Despite the High Court’s unequivocal ruling that women, too, may sit for the complete set of rabbinical exams, the chief rabbis submitted a request last week for an additional hearing and for a stay on the ruling’s implementation. In their request, they propose that women be tested only on the laws of Shabbat and family purity.
This disregards the reality that the public, men and women alike, are already voting with their feet and turning to female halachic authorities for guidance on a wide range of questions across all the same areas of Jewish law studied by male rabbis.
It is important to emphasize: Women have been studying Halacha for many years, and they simply long for the chance to take official exams – just as men do, at the same level. They are not asking for leniencies, nor for rabbinical ordination or any specific title, only for the right to sit for an official State of Israel exam and receive formal recognition of their knowledge.
Providing halachic guidance in daily life
“Rabbanit, who should tear my shirt at the funeral? Am I allowed to shower before? What should I wear to the funeral?” Questions like these about mourning, and a wide range of other halachic issues, reach me constantly via WhatsApp. In moments of deep pain and upheaval, people have so many questions – and in addition to emotional support, families want to know what they are halachicly obligated to do before or after the funeral.
Since the war began, the questions have become even harder and more traumatic. I do my best to answer and to provide the questioner, male or female, with halachic guidance through these painful moments.

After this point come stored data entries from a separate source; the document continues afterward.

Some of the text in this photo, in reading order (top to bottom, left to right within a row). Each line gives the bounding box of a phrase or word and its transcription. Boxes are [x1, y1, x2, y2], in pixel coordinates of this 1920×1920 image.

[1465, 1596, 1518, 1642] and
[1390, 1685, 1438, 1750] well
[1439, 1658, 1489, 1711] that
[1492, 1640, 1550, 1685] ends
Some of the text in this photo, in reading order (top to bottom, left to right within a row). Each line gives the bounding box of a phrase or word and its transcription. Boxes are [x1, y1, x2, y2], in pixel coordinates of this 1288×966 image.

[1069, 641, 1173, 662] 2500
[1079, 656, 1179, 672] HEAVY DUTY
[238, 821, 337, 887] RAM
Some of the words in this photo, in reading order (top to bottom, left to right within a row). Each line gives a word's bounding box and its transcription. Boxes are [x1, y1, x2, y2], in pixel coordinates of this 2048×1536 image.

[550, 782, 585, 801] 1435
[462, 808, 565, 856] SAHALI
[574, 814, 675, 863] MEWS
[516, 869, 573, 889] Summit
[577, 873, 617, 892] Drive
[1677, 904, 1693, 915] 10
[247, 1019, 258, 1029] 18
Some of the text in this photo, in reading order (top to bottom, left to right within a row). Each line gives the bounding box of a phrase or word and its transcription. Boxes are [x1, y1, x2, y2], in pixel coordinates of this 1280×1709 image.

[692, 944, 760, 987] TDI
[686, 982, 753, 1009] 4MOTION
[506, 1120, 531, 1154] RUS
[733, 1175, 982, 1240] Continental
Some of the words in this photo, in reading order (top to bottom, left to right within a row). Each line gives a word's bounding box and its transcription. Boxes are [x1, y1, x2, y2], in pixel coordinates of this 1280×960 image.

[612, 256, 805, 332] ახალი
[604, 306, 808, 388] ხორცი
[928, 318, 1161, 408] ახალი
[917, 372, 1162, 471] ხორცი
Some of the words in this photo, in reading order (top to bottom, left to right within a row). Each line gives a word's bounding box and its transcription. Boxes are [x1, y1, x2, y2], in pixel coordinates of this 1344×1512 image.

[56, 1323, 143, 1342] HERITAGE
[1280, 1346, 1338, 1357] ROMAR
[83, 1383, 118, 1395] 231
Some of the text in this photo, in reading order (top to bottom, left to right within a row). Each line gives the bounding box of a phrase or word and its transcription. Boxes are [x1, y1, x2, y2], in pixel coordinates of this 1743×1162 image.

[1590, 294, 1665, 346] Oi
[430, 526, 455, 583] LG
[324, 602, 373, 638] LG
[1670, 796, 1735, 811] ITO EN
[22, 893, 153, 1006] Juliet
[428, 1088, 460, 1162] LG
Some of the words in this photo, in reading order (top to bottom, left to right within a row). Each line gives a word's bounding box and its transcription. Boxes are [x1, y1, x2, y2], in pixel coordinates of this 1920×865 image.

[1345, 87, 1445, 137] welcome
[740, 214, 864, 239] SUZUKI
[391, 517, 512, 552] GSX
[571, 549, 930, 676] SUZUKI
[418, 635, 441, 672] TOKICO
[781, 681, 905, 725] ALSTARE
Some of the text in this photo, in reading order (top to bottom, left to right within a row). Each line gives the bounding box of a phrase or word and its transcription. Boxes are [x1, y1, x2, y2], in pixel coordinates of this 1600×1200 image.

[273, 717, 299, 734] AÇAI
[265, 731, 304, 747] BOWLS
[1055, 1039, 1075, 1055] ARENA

Having studied the laws of mourning as part of my halachic training at the Women’s Institute of Halakhic Leadership (WIHL), I regularly answer these questions and others, and have even assisted the chevra kadisha (burial society) in tearing my female relative’s shirt at a funeral, since she preferred that a woman do it rather than one of the men present.
Women like myself have already been studying and taking exams for years on a full range of topics – from the laws of mourning to family purity, kashrut, Shabbat, marriage, and blessings. This is not a new phenomenon; it is part of a decades-long reality in which women have devoted themselves to serious Torah study.
The significance of the exams
The Rabbinate exams carry significance beyond the religious and educational realms. A man who passes them gains access to professional and economic opportunities that are currently closed to women. This is because Torah scholarship of this kind is recognized as equivalent to an academic degree for purposes of seniority, rank, and pay, and it allows men to apply for official state positions.
Women, by contrast, are barred from taking the same exams that grant men these advantages. They are asking simply to be allowed to be tested so that their learning will hold equal value and so that they, too, can enjoy the same professional rights.
By tying recognition of Torah study to employment and salary benefits, the State of Israel has effectively left women out of the game. Supreme Court Justice Noam Sohlberg and his colleagues determined in their ruling, which the Rabbinate is now contesting, that the state cannot allow such blatant discrimination against women regarding the halachic exams.
In the request now submitted to the High Court, the chief rabbis argue that there are “differences between men and women,” and that while there is no obstacle to women studying, they may do so only in subjects related to “daily life,” such as Shabbat and niddah (family purity).
As the director of a kollel in which women study all the same halachic subjects included in the Rabbinate exams, I can attest that there are no areas of Halacha that are unrelated to daily life. As I mentioned, my colleagues and I are also asked about kashrut, mourning, and even questions related to marriage.
Halacha is a complete world. To truly serve God, women must be able to study all its areas, and to issue halachic rulings after years of rigorous study and testing.
The petition to the High Court did not request rabbinic ordination for women, nor any special title for those who take the exams. It simply sought to allow women to sit for the test – to assess their abilities.
Now that the exam has been postponed (pending resolution of the suit), men who prepared for it feel deep frustration. That frustration is shared by women, who have been studying Halacha for over 15 years without ever having been given the opportunity to be tested.
Open the locked doors, and let men and women alike prove their halachic knowledge on the very same exam.
The writer is director of the Susi Bradfield Women’s Institute of Halakhic Leadership, one of the Ohr Torah Stone network’s 32 educational programs.